La Fionda

A chi importa della sofferenza maschile? (1)

In questi ultimi anni l’industria cinematografica – a dir il vero tutte le industrie –, succube dell’ideologia woke che sta invadendo ogni ambito della vita, è stata colpita da un’ondata di disapprovazione e revisionismo. Molti dei film classici sono stati stigmatizzati e condannati, giudicati sotto la nuova scala dei valori woke. Uno di questi film classici è Tarzan l’uomo scimmia del 1932, interpretato dall’attore Johnny Weissmuller. Per il tribunale woke, questo film e tutta la saga successiva (una decina di film) sono dei film razzisti. In questi film, ad esempio, ci sono dei neri che precipitano da dirupi senza che questa tragedia susciti nei personaggi bianchi alcun tipo di scrupolo, rimorso o preoccupazione. Nel summenzionato film c’è la scena di un portatore nero che cade da un dirupo, e l’unica cosa che fanno i protagonisti bianchi è preoccuparsi del carico perduto e consolare Jane, sconvolta dal pericolo. Film razzisti. Ma la domanda che nessuno si pone, e dovrebbero, è: sono questi film misandrici? In questi film sono molto numerose le morti violente che colpiscono l’universo maschile – uomini di colore divorati da coccodrilli, leoni, scaraventati dalle palme, ecc.–, ma raramente si vedono donne che muoiono violentemente (io, a memoria, non mi ricordo di averne vista alcuna). Per salvare Jane, Tarzan si serve degli elefanti per radere a terra un villaggio dove non compaiono né anziani né donne né bambini.
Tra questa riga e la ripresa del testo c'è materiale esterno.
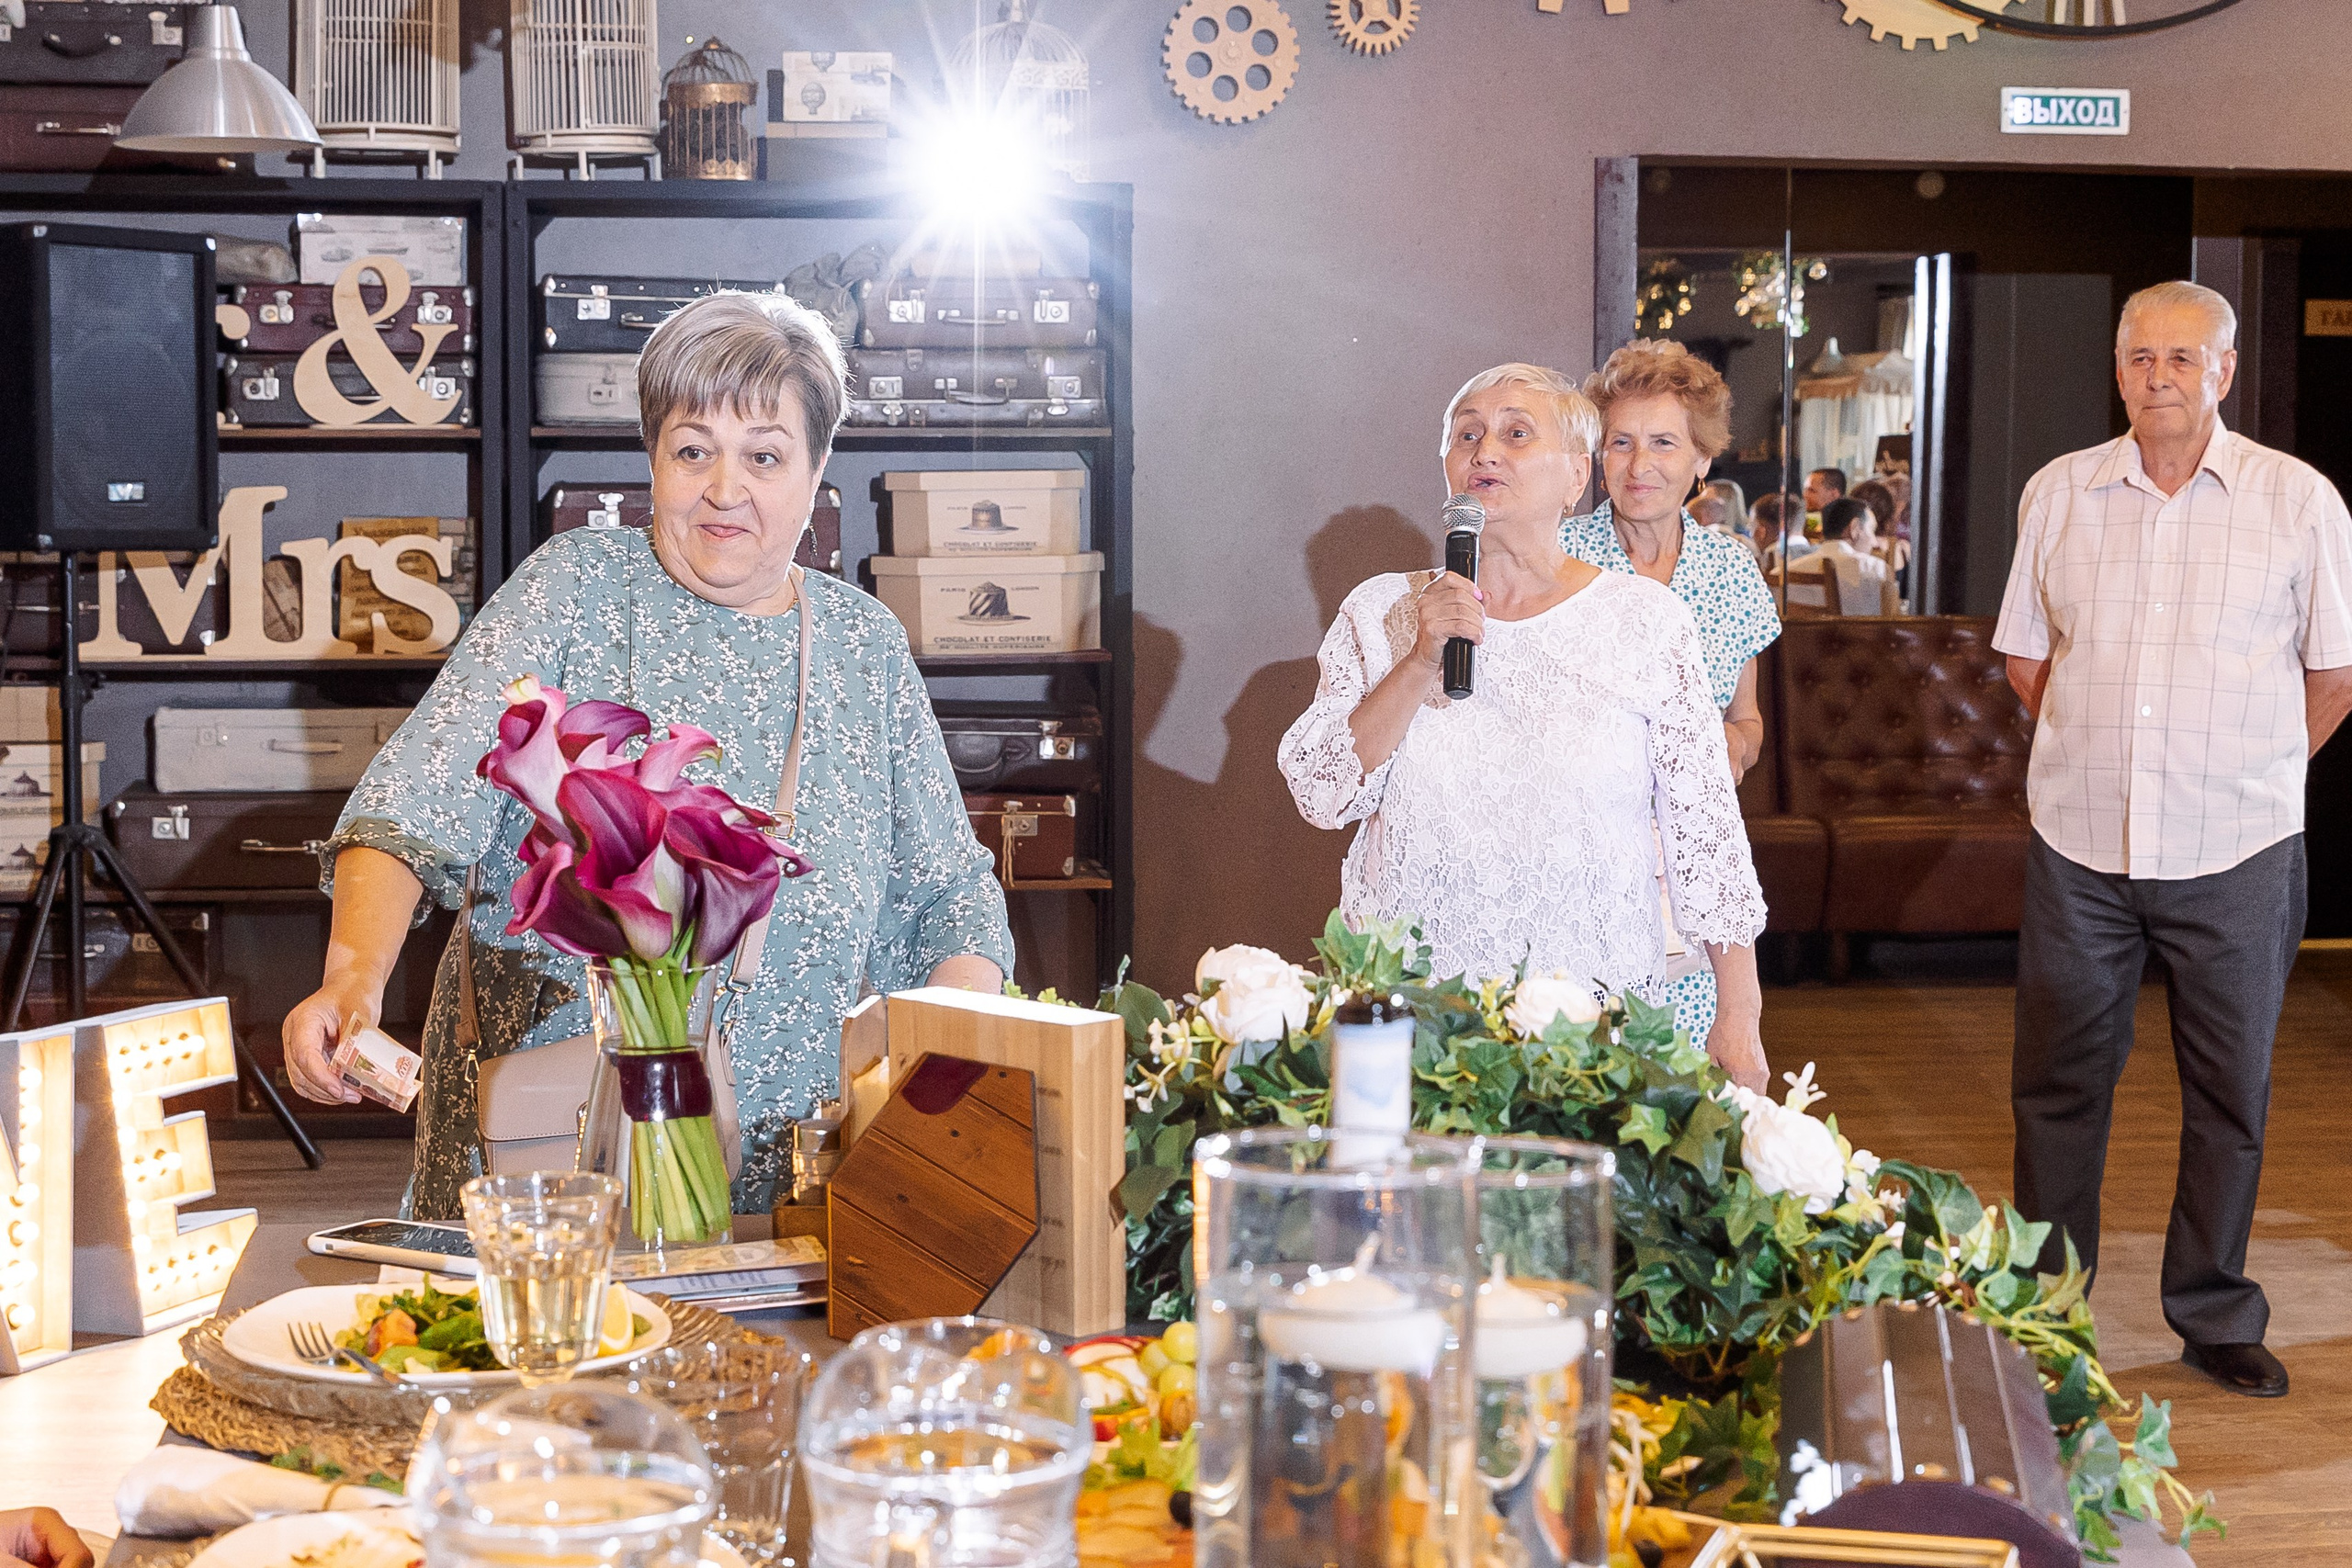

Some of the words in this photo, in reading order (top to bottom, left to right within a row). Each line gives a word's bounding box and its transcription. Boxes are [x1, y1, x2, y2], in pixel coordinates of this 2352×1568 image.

[2013, 96, 2115, 127] ВЫХОД
[293, 255, 462, 428] &
[78, 486, 460, 657] Mrs
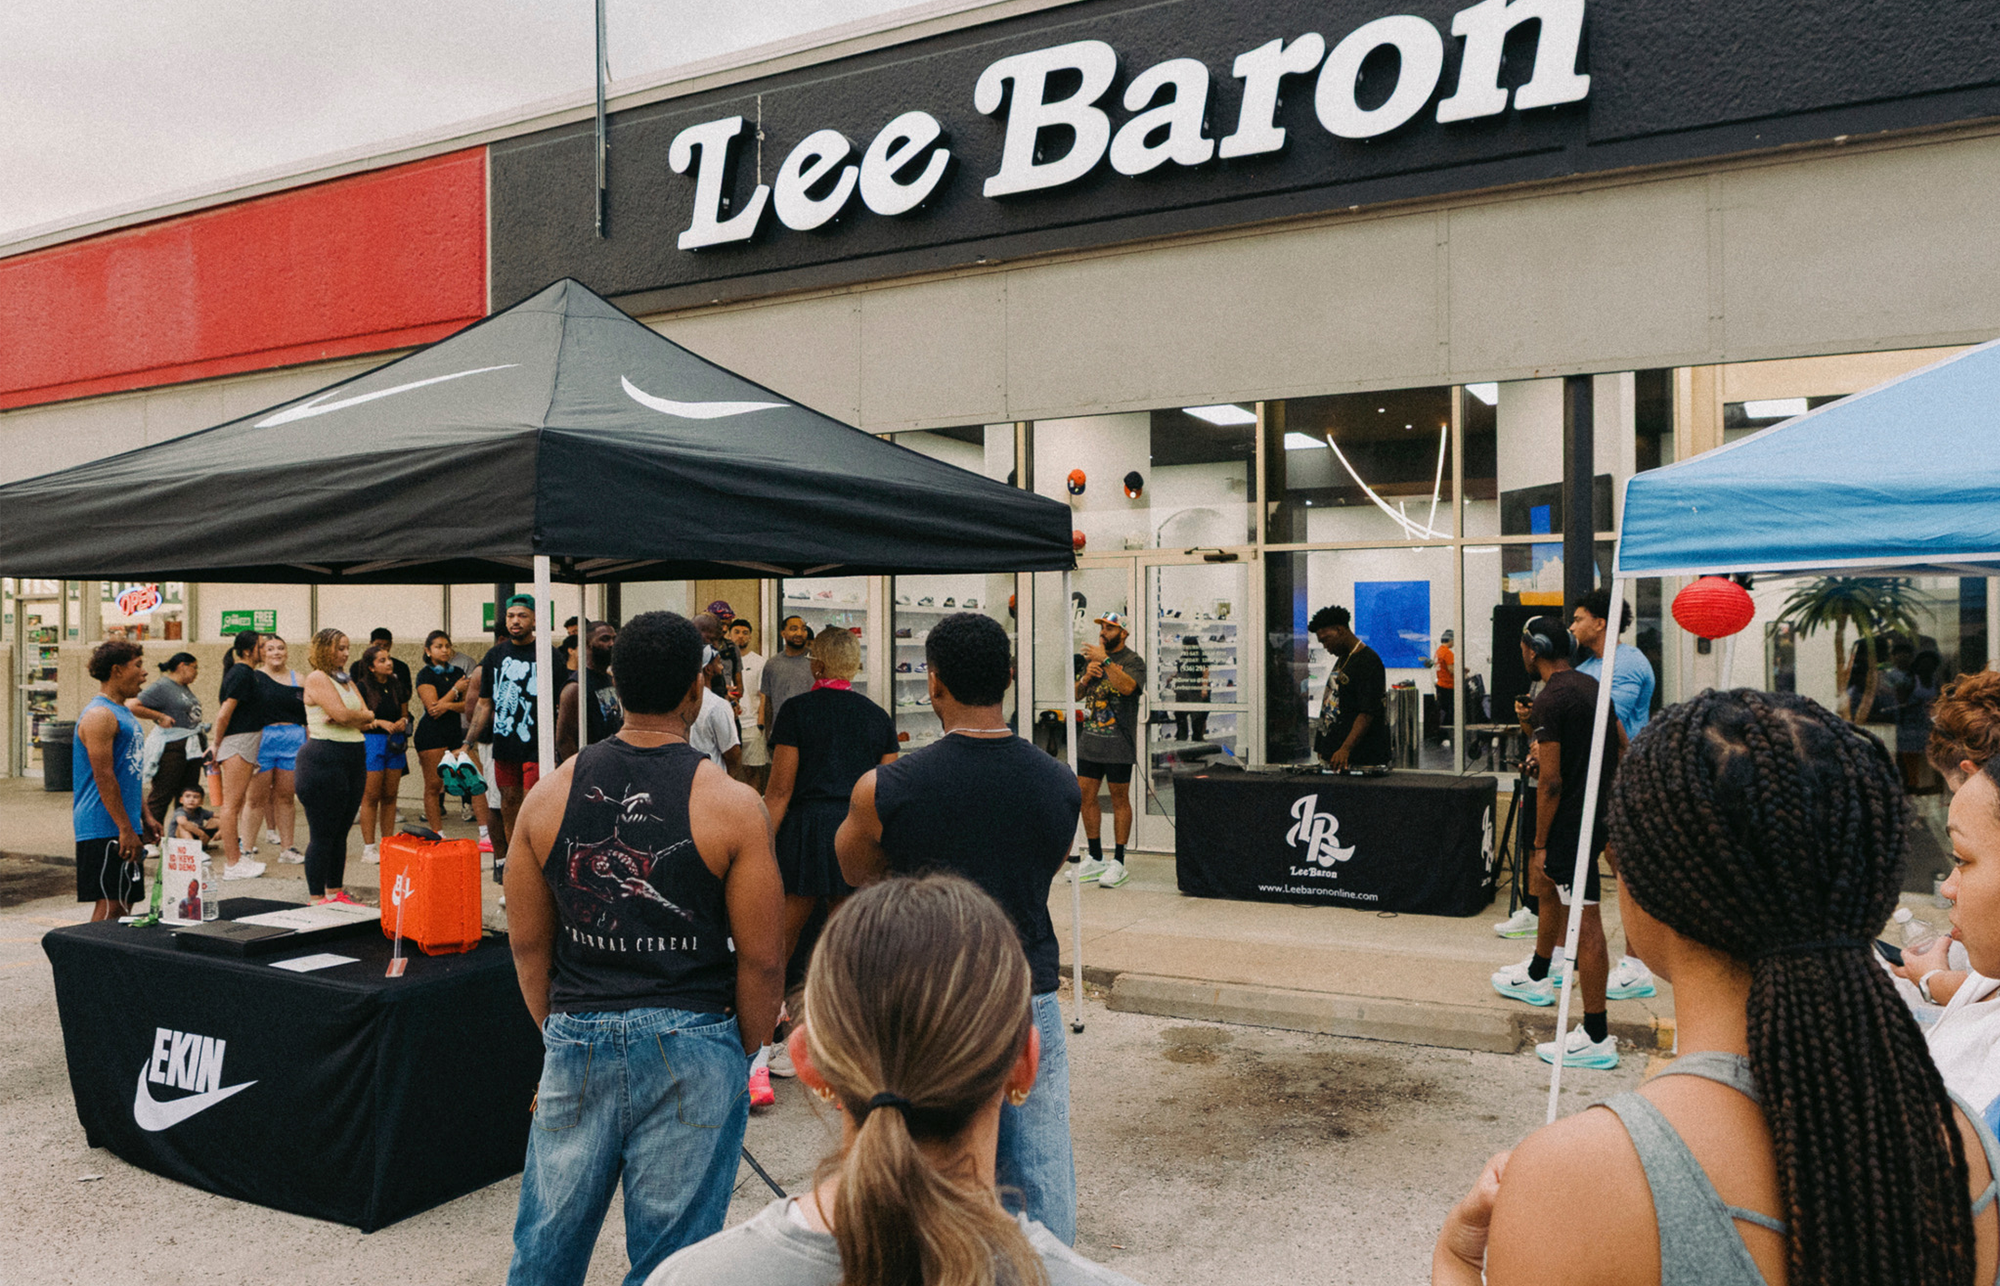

All’epoca, cosa era necessario per rendere il film adatto a qualsiasi pubblico ed evitare la censura?

La maggior preoccupazione era l’abbigliamento della povera “Jane”, che era molto succinto (evidentemente nessuno si preoccupava che i neri e lo stesso Tarzan apparissero seminudi). Lo sterminio di uomini neri, il fatto che gli uomini fossero superflui e potessero essere uccisi, non era un problema. Dunque la discriminante per rendere il film adatto a tutti i tipi di pubblico (anche per età) non era che le vittime di morti violente fossero selvaggi, o neri, perché anche le donne e i bambini lo erano. La discriminante era che tra le vittime non ci fossero donne (e bambini), non importava se fossero bianche o nere. Non ci dovevano essere donne in quel villaggio. Dunque non è la razza il comune denominatore dei destinatari della violenza ma il sesso, non si tratta di razzismo ma di misandria. A dimostrazione di tutto ciò, il fatto che malgrado nella saga di Tarzan la maggior parte delle morti violente colpiscano i neri, è anche vero che in tanti altri film contemporanei le vittime sono bianche. In entrambi i casi, neri o bianchi, sono totalmente o quasi in esclusiva uomini. Non importava a nessuno dei neri che cadevano da un dirupo, così come non importava se a cadere erano dei bianchi, importante è che in entrambi i casi fossero uomini. Per rendere i film adatti a tutti, il destinatario della violenza doveva essere l’uomo. Quante indiane uccise John Wayne durante la sua carriera cinematografica? Quante donne sono morte in una sparatoria in un film western? Quante vietnamite uccide John Rambo nei suoi film?

Tarzan
Il cast principale di “Tarzan” (1941)

La sacrificabilità maschile.

In pratica, le persone che hanno una certa età, come il sottoscritto, abbiamo trascorso la vita guardando dei film dove si uccidono uomini, si torturano uomini, si annientano uomini, e nel contempo ascoltando la denuncia che i film oggettivizzano il corpo delle donne, disprezzano il corpo delle donne, sessualizzano il corpo delle donne. Il sessismo dei film non ha mai riguardato la sofferenza maschile. Perché Jane non era Tarzan? Perché Jane non era la protagonista del film, perché era solo la spalla, l’ancella, la bella di Tarzan? E così la denuncia femminista si concentra sul ruolo del protagonista e ignora l’ecatombe di uomini che giacciono intorno, così come oggi chiedono quote di potere nel Parlamento, nei CdA o nelle Università e ignorano le miniere, le fognature o l’edilizia. Le femministe non hanno mai chiesto di essere trucidate nei film, così come lo erano gli uomini, hanno chiesto il ruolo di Tarzan, hanno chiesto di essere loro le protagoniste. Per assurdo, succede nella storia del cinema di vedere molte donne, eroine o in difesa di se stesse, che sparano e uccidono uomini. Mai, o quasi mai, che uccidono altre donne. Donne che sparano e uccidono selvaggi e neri, tutti uomini. La storia cinematografica d’azione è la storia di un eccidio maschile (per un ulteriore approfondimento rimando alla lettura dell’opera La grande menzogna del femminismo). Se questi film sono razzisti, perché non sono misandrici?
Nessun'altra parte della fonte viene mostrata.